Road checks were carried out at key locations across Kent. Kent's assistant chief constable, Adrian Leppard, said: "We hope to jog people's memories. Did they see anything last week ­ and did the gang test their plan and the route they used in the weeks running up to the robbery?"

Dozens of vehicles and officers were sent to Elderden Farm in Chart Hill Lane, Staplehurst. Police divers examined a well and three vehicles were removed. Teams of black-clad officers searched fields as the owner of the premises was named as John Fowler, 60, a former car dealer who lives at the farm with his wife Linda and three children. The Sun reported that he was jailed for nine months in 1992 for credit card fraud. Unconfirmed reports said detectives were investigating the possibility that the robbers took depot manager Colin Dixon and his kidnapped wife and son to the farm.

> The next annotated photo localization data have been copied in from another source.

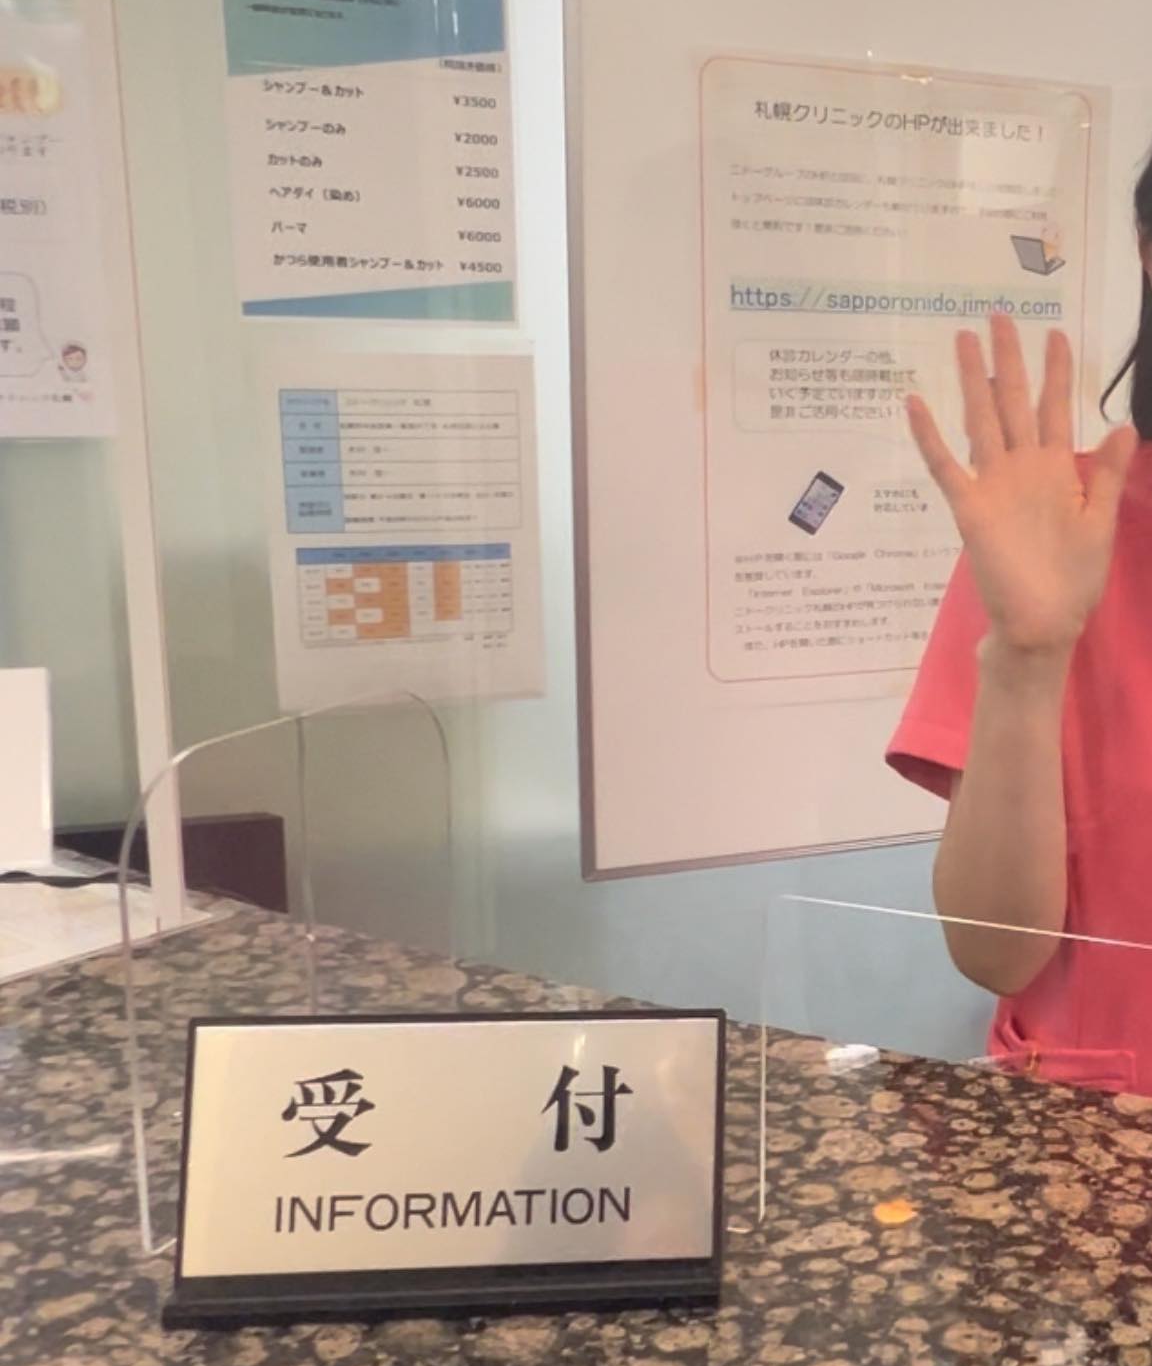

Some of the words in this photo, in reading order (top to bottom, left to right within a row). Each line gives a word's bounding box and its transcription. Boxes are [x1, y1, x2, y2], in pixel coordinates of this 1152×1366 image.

[453, 95, 497, 109] ¥3500
[265, 118, 347, 135] シャンプーのみ
[454, 132, 498, 146] ¥2000
[267, 153, 323, 169] カットのみ
[456, 166, 500, 179] ¥2500
[457, 197, 501, 210] ¥6000
[457, 230, 502, 243] ¥6000
[459, 261, 503, 274] ¥4500
[274, 1186, 631, 1234] INFORMATION
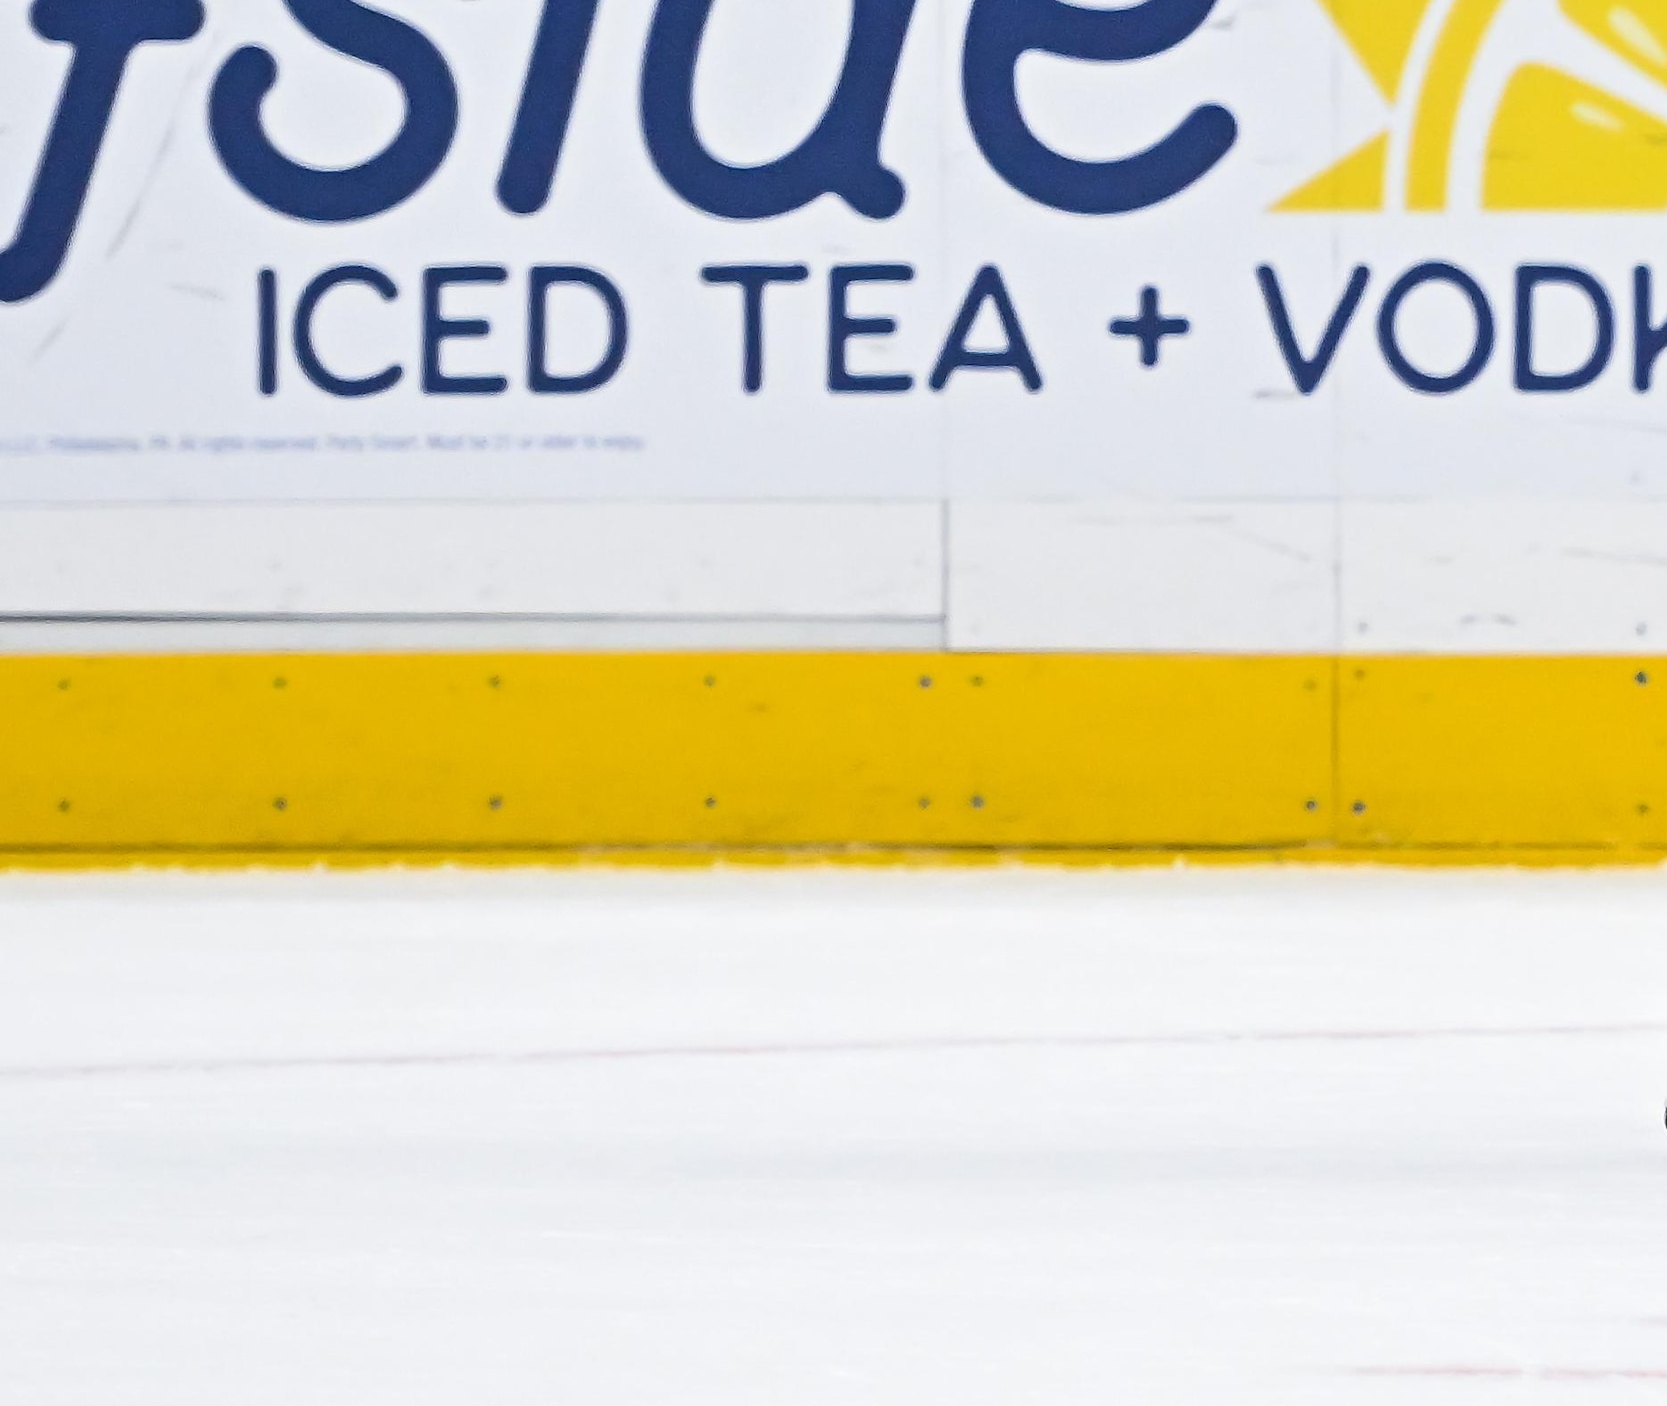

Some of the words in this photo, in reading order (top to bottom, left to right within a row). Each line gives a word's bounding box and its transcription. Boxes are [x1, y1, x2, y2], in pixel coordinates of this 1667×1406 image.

[258, 264, 628, 398] ICED
[701, 263, 1042, 394] TEA
[1109, 286, 1190, 367] +

Earlier, detectives released photographs of a Volvo similar to the one used by the robbers, who dressed as policemen to kidnap Mr Dixon, on the A249 near Stockbury. The gang held Mr Dixon, 51, and his wife, Lynn, 45, and their nine-year-old son, Craig, hostage. They were then left tied up with 14 other workers as the robbers fled with £53,116,760. A white Transit van was later found abandoned in the car park of the Ashford International Hotel. It contained £1.3m in cash.

The Securitas staff caught up in the raid described their ordeal as " brutal, horrific and traumatic". Paul Fullicks, a manager, said the staff, who had been subjected to high levels of duress and intimidation, shared Mr Dixon's anger that his wife and son had been held.